EXERCISE GOAL:
Exactly the lines from the one containing "Some of the text" through the final line of the listing are to be retyped, and nothing more.

MATERIAL PROVIDED:
☆ ☆ ☆
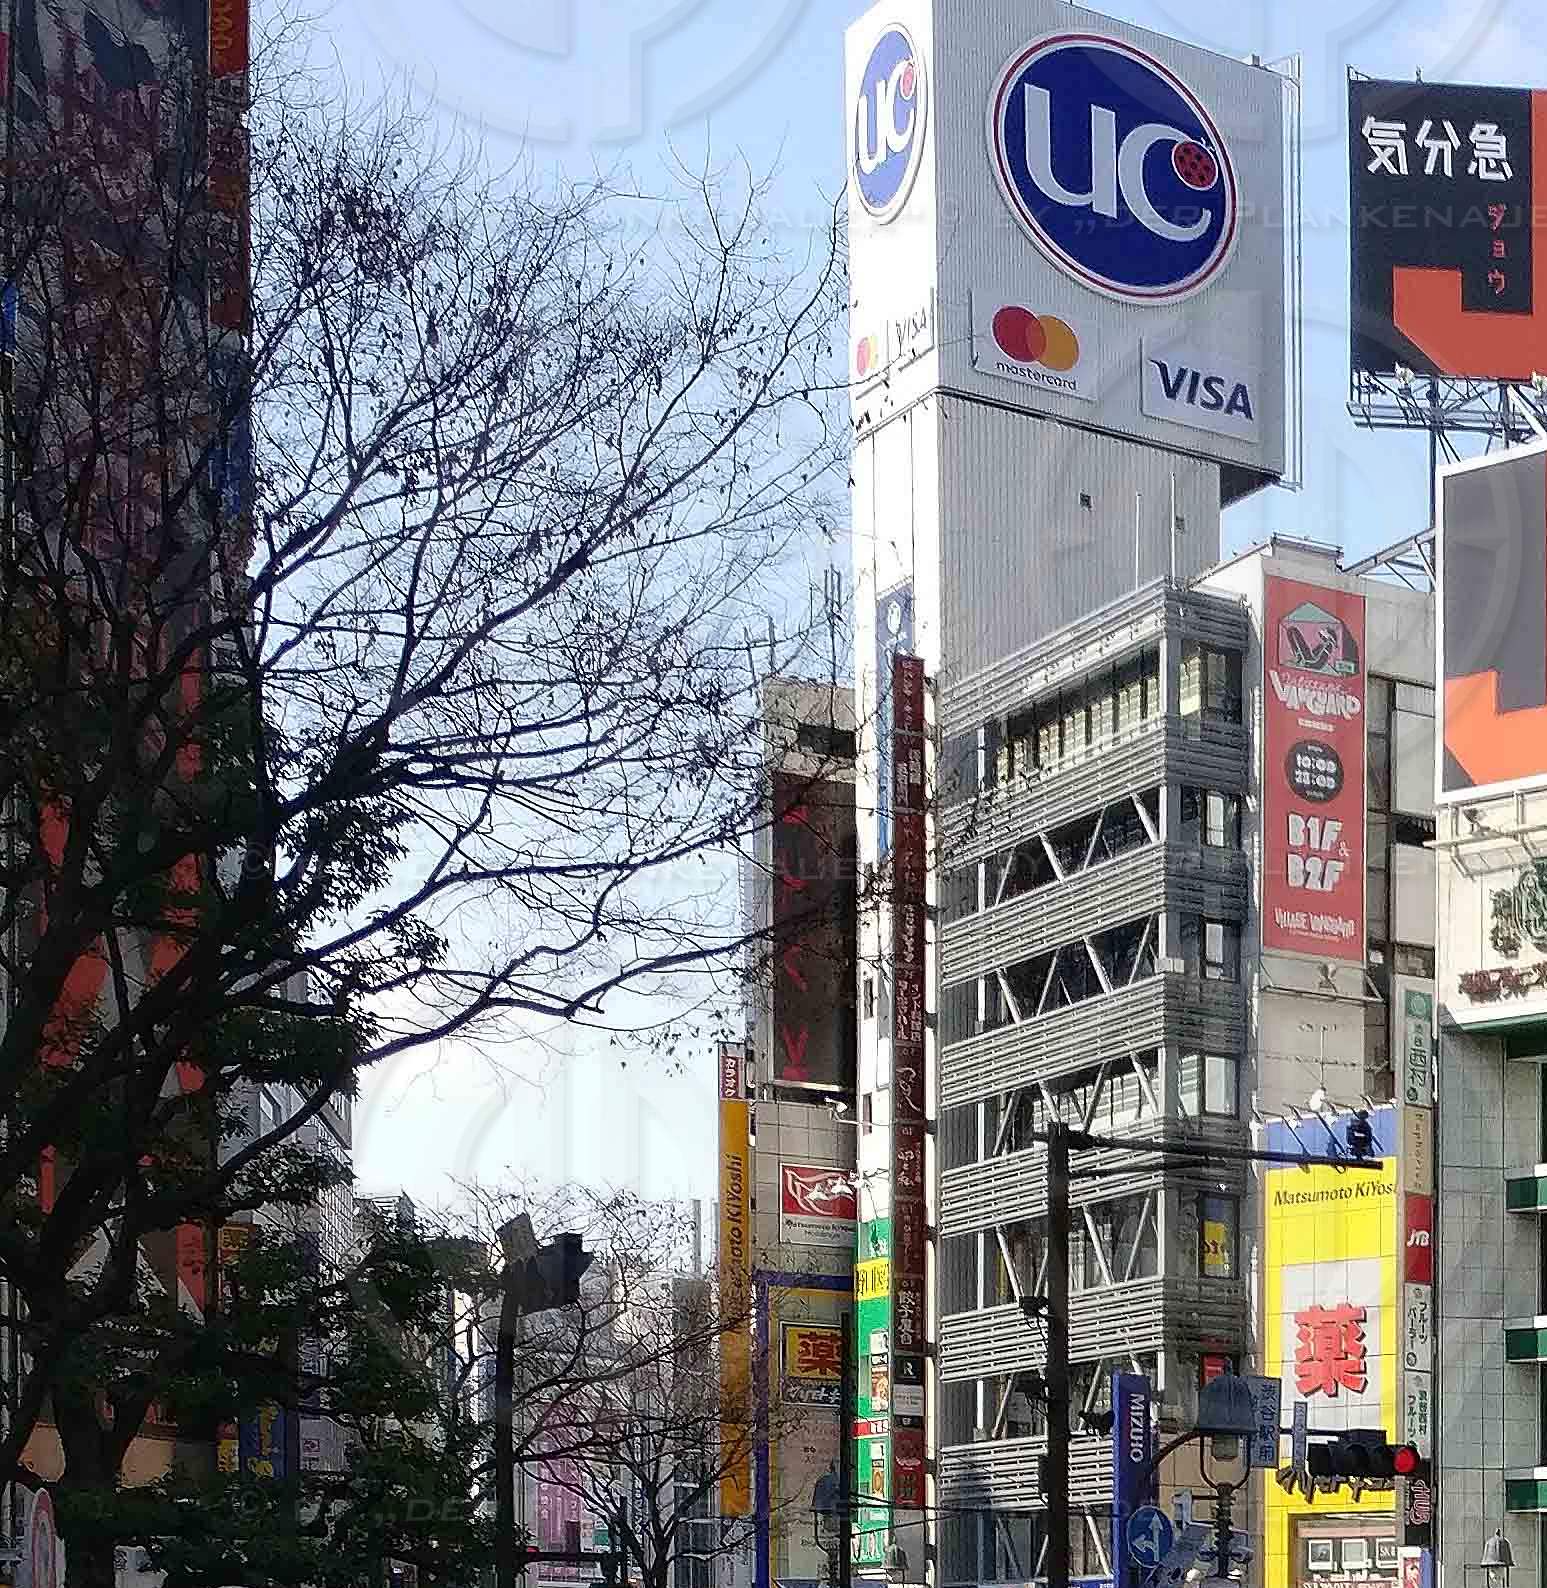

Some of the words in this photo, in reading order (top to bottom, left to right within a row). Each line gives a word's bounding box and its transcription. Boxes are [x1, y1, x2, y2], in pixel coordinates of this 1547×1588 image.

[1361, 116, 1513, 182] 気分急
[1150, 358, 1255, 421] VISA
[1273, 1186, 1353, 1207] Matsumoto
[1407, 1229, 1430, 1247] JTB
[1294, 1305, 1368, 1396] 薬
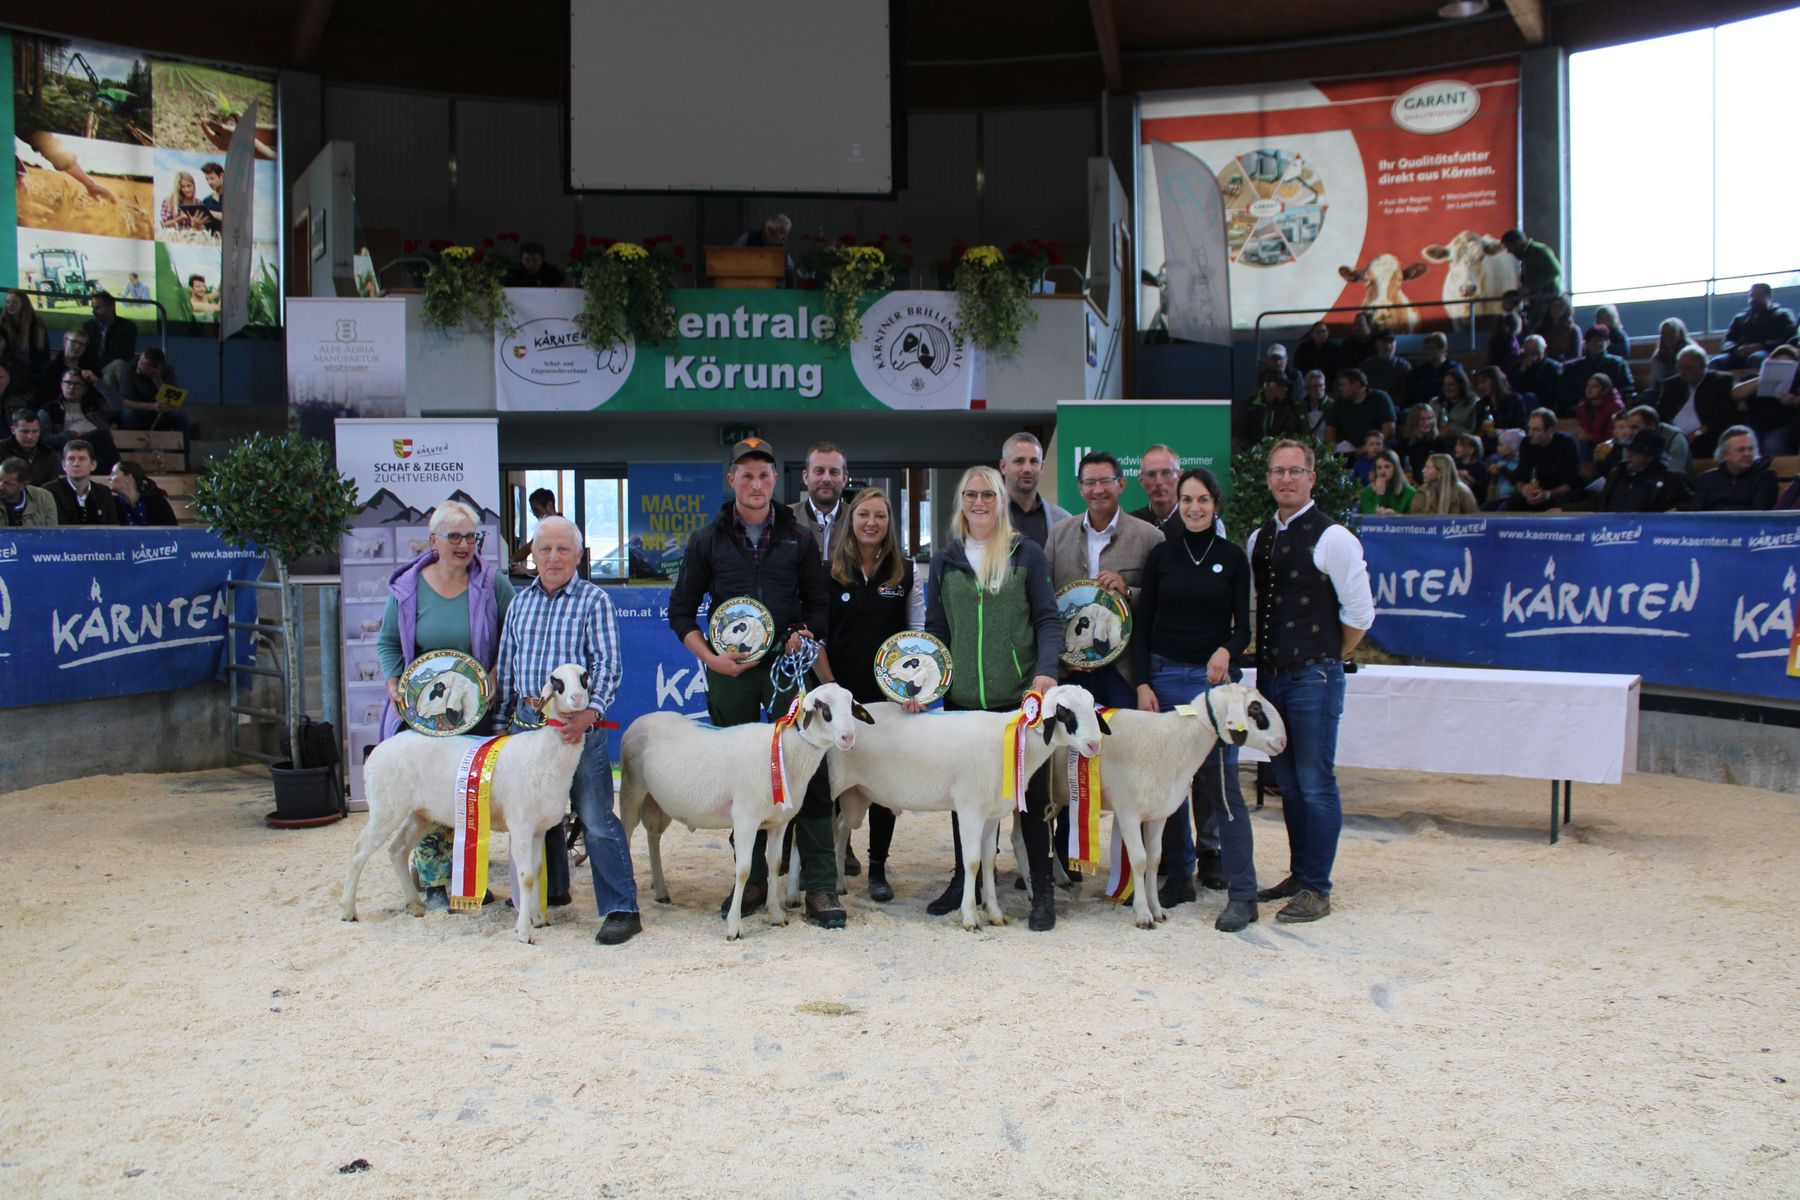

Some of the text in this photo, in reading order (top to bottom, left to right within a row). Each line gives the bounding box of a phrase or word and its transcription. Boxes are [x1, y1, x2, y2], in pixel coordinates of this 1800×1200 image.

[1404, 91, 1468, 110] GARANT
[1379, 160, 1395, 171] Ihr
[1379, 172, 1414, 185] direkt
[1417, 171, 1439, 181] aus
[667, 305, 836, 339] entrale
[873, 311, 903, 370] KÄRNTNER
[313, 355, 380, 363] MANUFAKTUR
[665, 355, 823, 398] Körung
[374, 462, 464, 472] SCHAF & ZIEGEN
[374, 473, 464, 483] ZUCHTVERBAND
[649, 513, 709, 532] NICHT
[1361, 525, 1437, 535] www.kaernten.at
[1499, 530, 1585, 542] www.kaernten.at
[1653, 536, 1742, 547] www.kaernten.at
[33, 552, 125, 562] www.kaernten.at
☆ ☆ ☆
WORKED SOLUTION:
Some of the text in this photo, in reading order (top to bottom, left to right within a row). Each line gives the bounding box of a phrase or word and its transcription. Boxes are [x1, y1, x2, y2], in pixel coordinates of this 1800×1200 image.

[1404, 91, 1468, 110] GARANT
[1379, 160, 1395, 171] Ihr
[1379, 172, 1414, 185] direkt
[1417, 171, 1439, 181] aus
[667, 305, 836, 339] entrale
[873, 311, 903, 370] KÄRNTNER
[313, 355, 380, 363] MANUFAKTUR
[665, 355, 823, 398] Körung
[374, 462, 464, 472] SCHAF & ZIEGEN
[374, 473, 464, 483] ZUCHTVERBAND
[649, 513, 709, 532] NICHT
[1361, 525, 1437, 535] www.kaernten.at
[1499, 530, 1585, 542] www.kaernten.at
[1653, 536, 1742, 547] www.kaernten.at
[33, 552, 125, 562] www.kaernten.at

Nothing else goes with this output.